At February-end of 2022, international reserve stands at $45.96 billion. As per balance of payments statement, the reserve can support payments against import of goods and services for five months. With regard to external debt position as per information of central bank, gross outstanding position up to September 2021 stands at $80.85 billion. Compared to gross national income of $438.18 billion in fiscal year 2020-2021, the external debt is very insignificant. Of the total debt, $12.53 billion is recorded as short-term debt of private sector. This is basically for short term import finance. During Covid-19, industrial importers received policy supports by way of enhanced deferral facilities. On the other hand, public sector debt is basically for longer period. In both public and private sector loans, no record of default is recorded in repayments. During the current fiscal year, banks are reported to have been supported by foreign currency near to $3.5 billion.
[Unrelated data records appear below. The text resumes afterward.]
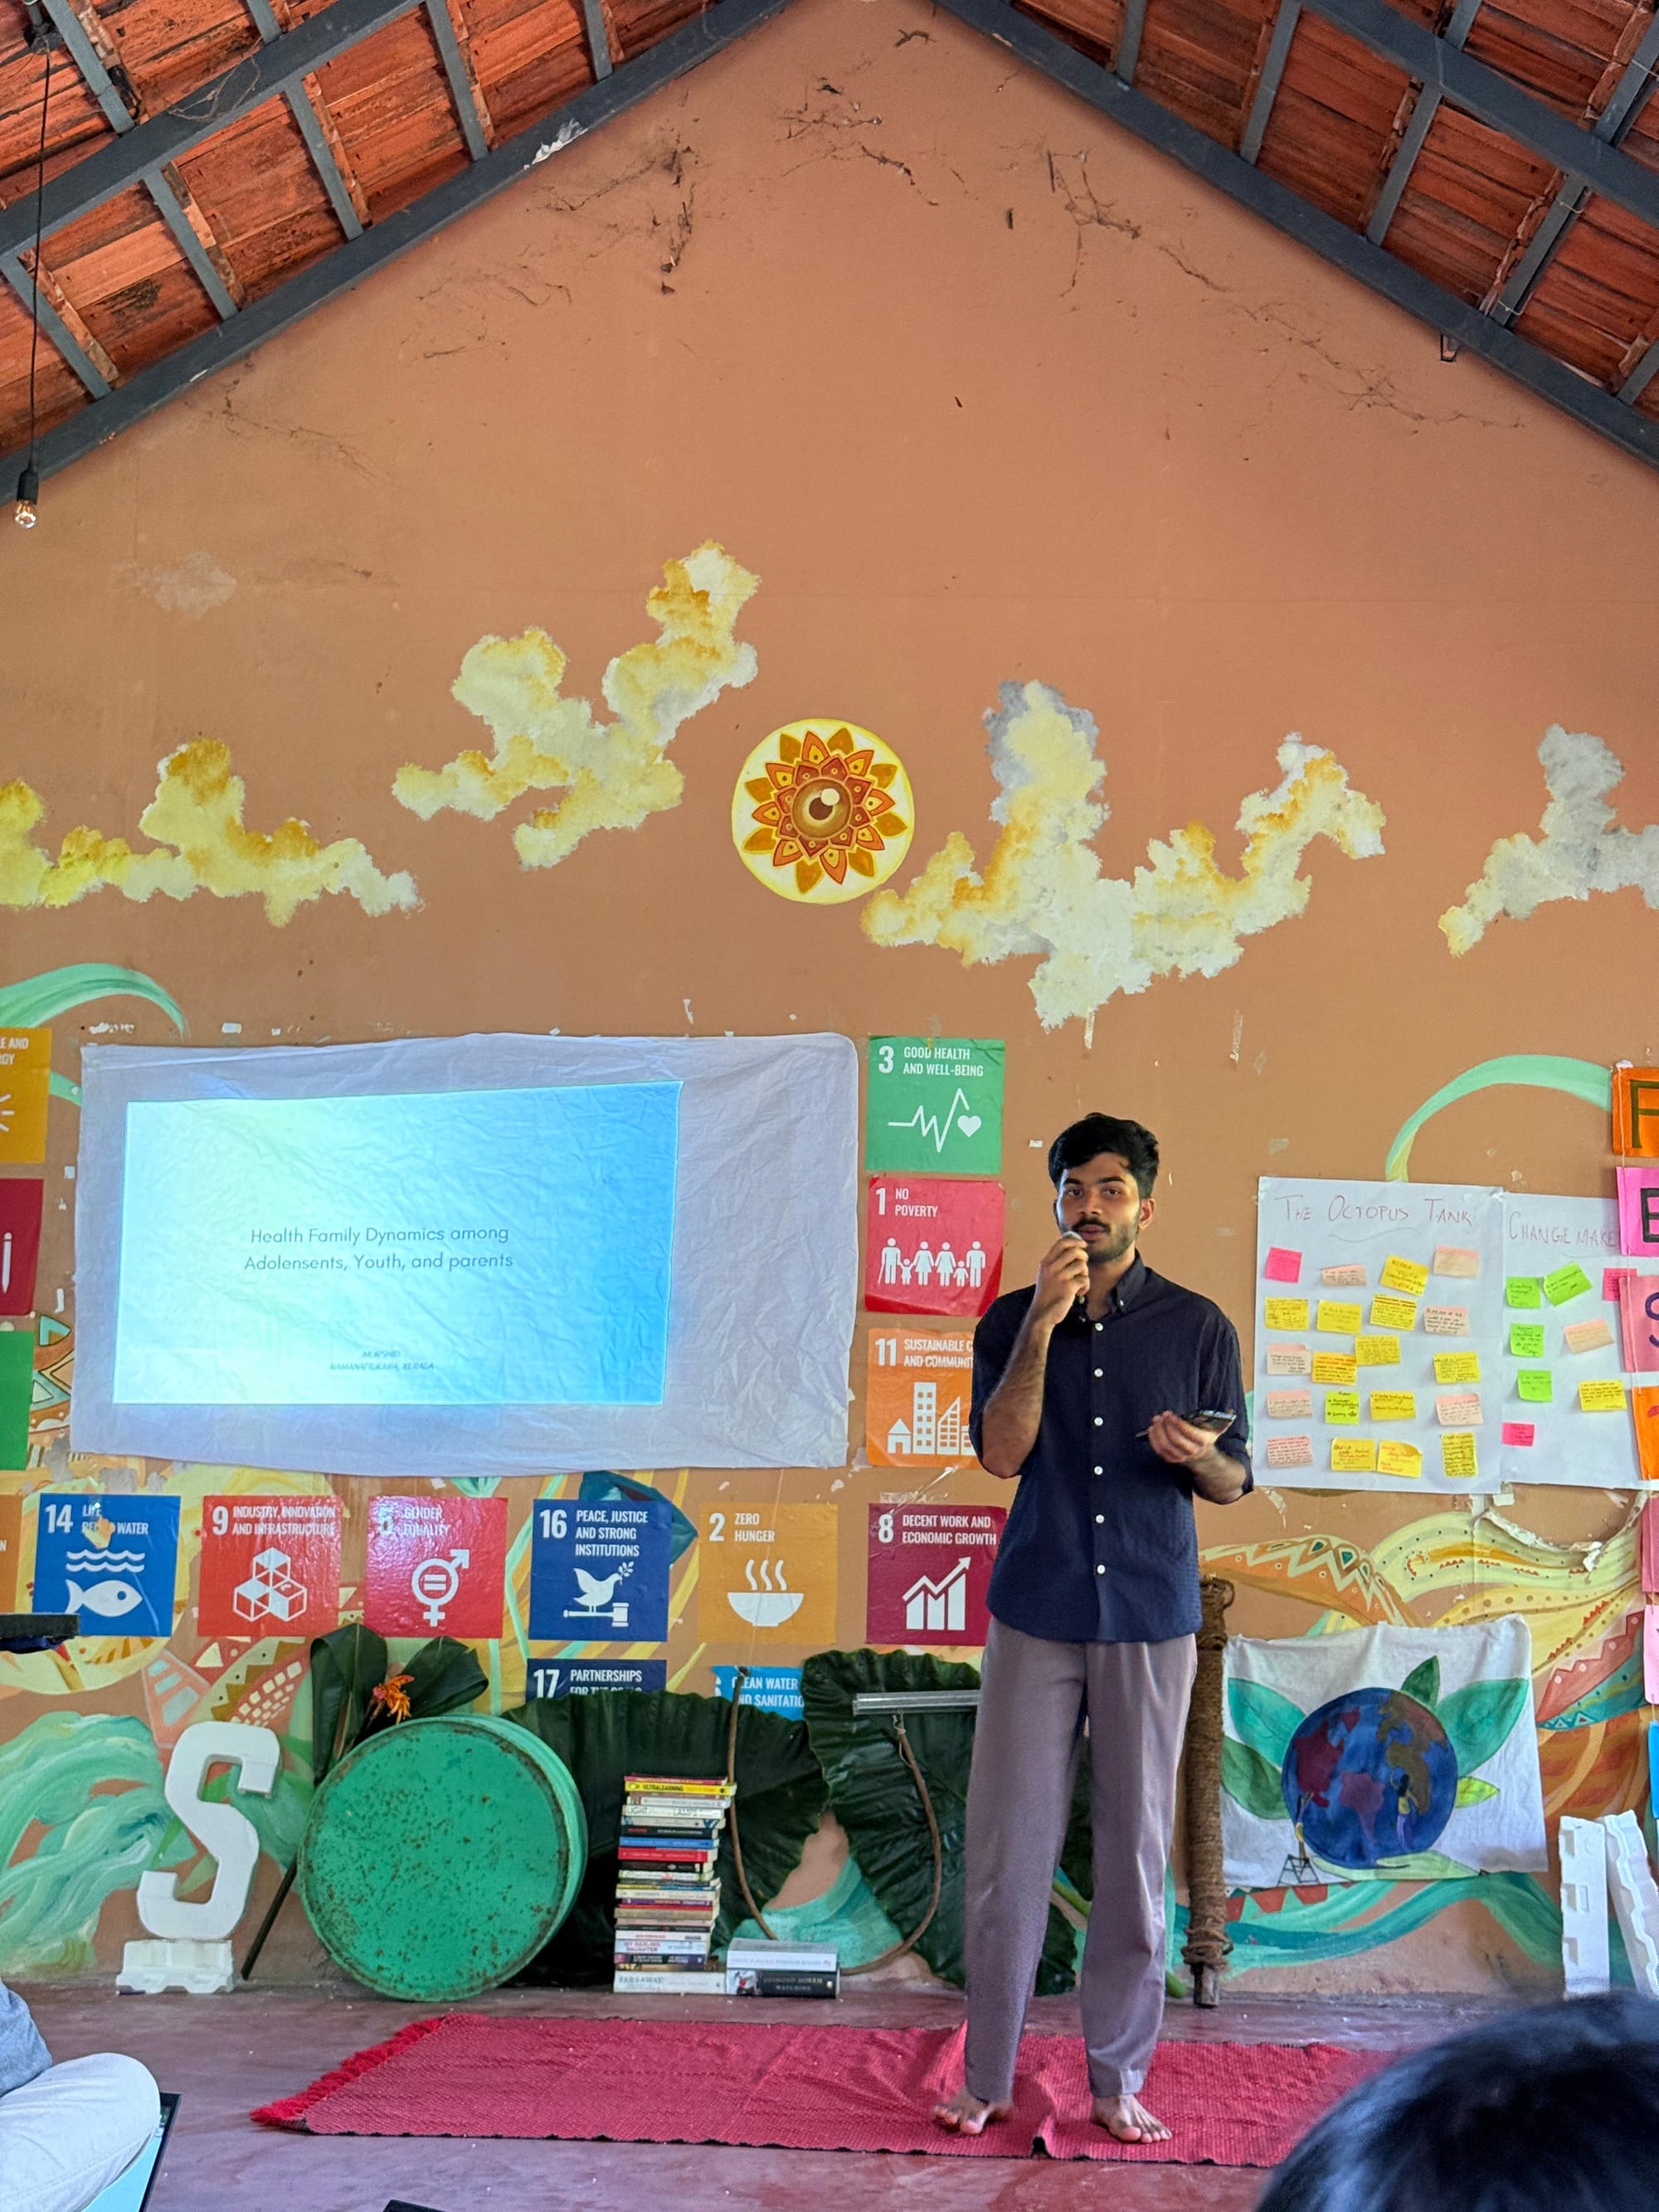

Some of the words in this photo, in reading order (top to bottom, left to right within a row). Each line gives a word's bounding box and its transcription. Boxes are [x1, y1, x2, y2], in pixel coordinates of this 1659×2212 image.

[8, 1038, 29, 1050] AND
[878, 1046, 894, 1073] 3
[904, 1047, 932, 1059] GOOD
[934, 1048, 970, 1060] HEALTH
[902, 1063, 923, 1075] AND
[927, 1064, 983, 1077] WELL-BEING
[1630, 1079, 1659, 1148] F
[895, 1188, 909, 1200] NO
[876, 1188, 886, 1216] 1
[895, 1205, 938, 1217] POVERTY
[1274, 1194, 1311, 1221] THE
[1327, 1194, 1408, 1222] OCTOPUS
[1424, 1198, 1472, 1227] TANK
[251, 1227, 303, 1242] Health
[309, 1227, 360, 1247] Family
[366, 1227, 445, 1246] Dynamics
[450, 1228, 508, 1243] among
[245, 1255, 348, 1271] Adolensents,
[354, 1253, 406, 1271] Youth,
[411, 1252, 443, 1268] and
[449, 1252, 513, 1271] parents
[875, 1338, 897, 1366] 11
[904, 1339, 964, 1352] SUSTAINABLE
[904, 1355, 923, 1367] AND
[925, 1356, 973, 1368] COMMUNIT
[45, 1504, 73, 1534] 14
[233, 1505, 280, 1519] INDUSTRY,
[282, 1505, 336, 1518] INNOVATION
[404, 1506, 443, 1519] GENDER
[577, 1510, 609, 1524] PEACE,
[611, 1511, 648, 1523] JUSTICE
[735, 1513, 760, 1524] ZERO
[212, 1505, 228, 1535] 9
[378, 1506, 394, 1535] 5
[540, 1509, 567, 1539] 16
[709, 1512, 725, 1541] 2
[902, 1514, 938, 1527] DECENT
[941, 1515, 969, 1527] WORK
[971, 1516, 991, 1528] AND
[117, 1522, 149, 1534] WATER
[232, 1523, 252, 1534] AND
[254, 1523, 335, 1535] INFRASTRUCTURE
[576, 1527, 596, 1539] AND
[598, 1528, 637, 1539] STRONG
[878, 1514, 893, 1543] 8
[734, 1529, 775, 1542] HUNGER
[902, 1532, 953, 1544] ECONOMIC
[955, 1533, 996, 1544] GROWTH
[575, 1544, 640, 1557] INSTITUTIONS
[570, 1669, 642, 1682] PARTNERSHIPS
[533, 1669, 560, 1698] 17
[765, 1677, 798, 1689] WATER
[755, 1694, 805, 1708] SANITATIO
[137, 1722, 280, 1939] S
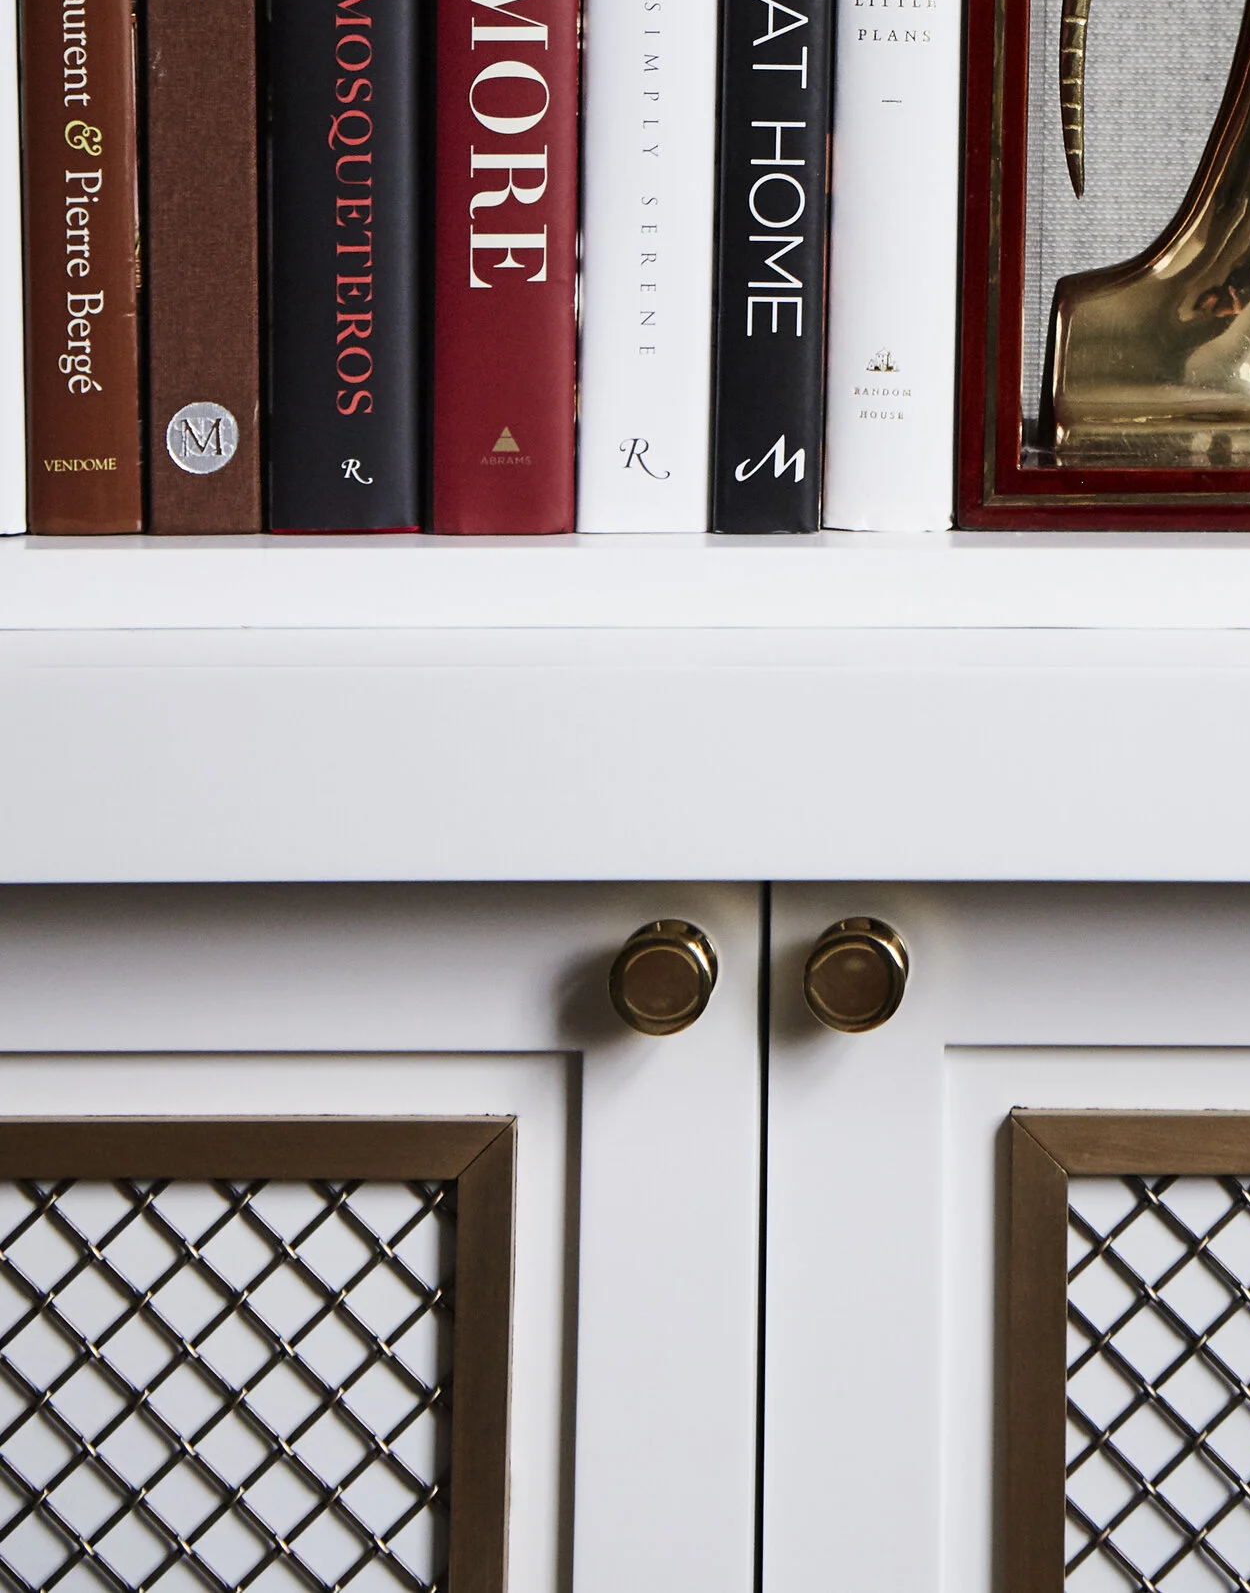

Central bank with sound international reserve is extending this support from time to time since long. Given the sound position of international reserve moving upward by earnings, the economy is on a sound footing. The international reserve trend is capable enough to face any challenge with regard to unseen pressure on local currency. Nothing seems to be worrying since local currency is at overvalued level.
Export is one of the major income tools from external sector. During July-February of the current fiscal year, export is recorded at $33.84 billion which is around 31 per cent higher compared to the same period of last fiscal year. A negative trend is noticed at wage remittances, absolute figure up to February 2022 of fiscal year 2021-2022 is $13.44 billion but this seems to be new normal compared to unexpected growth in the last fiscal year.
Trade balance as found in balance of payments statement is an indication of future growth; it is not a beckoning of crisis. Rather it is a way forward to upward movement. Hence, the situation does not warrant balance of payments supports from non-state organisations. Availing supports in this way may pose negative notion with regard to external transactions.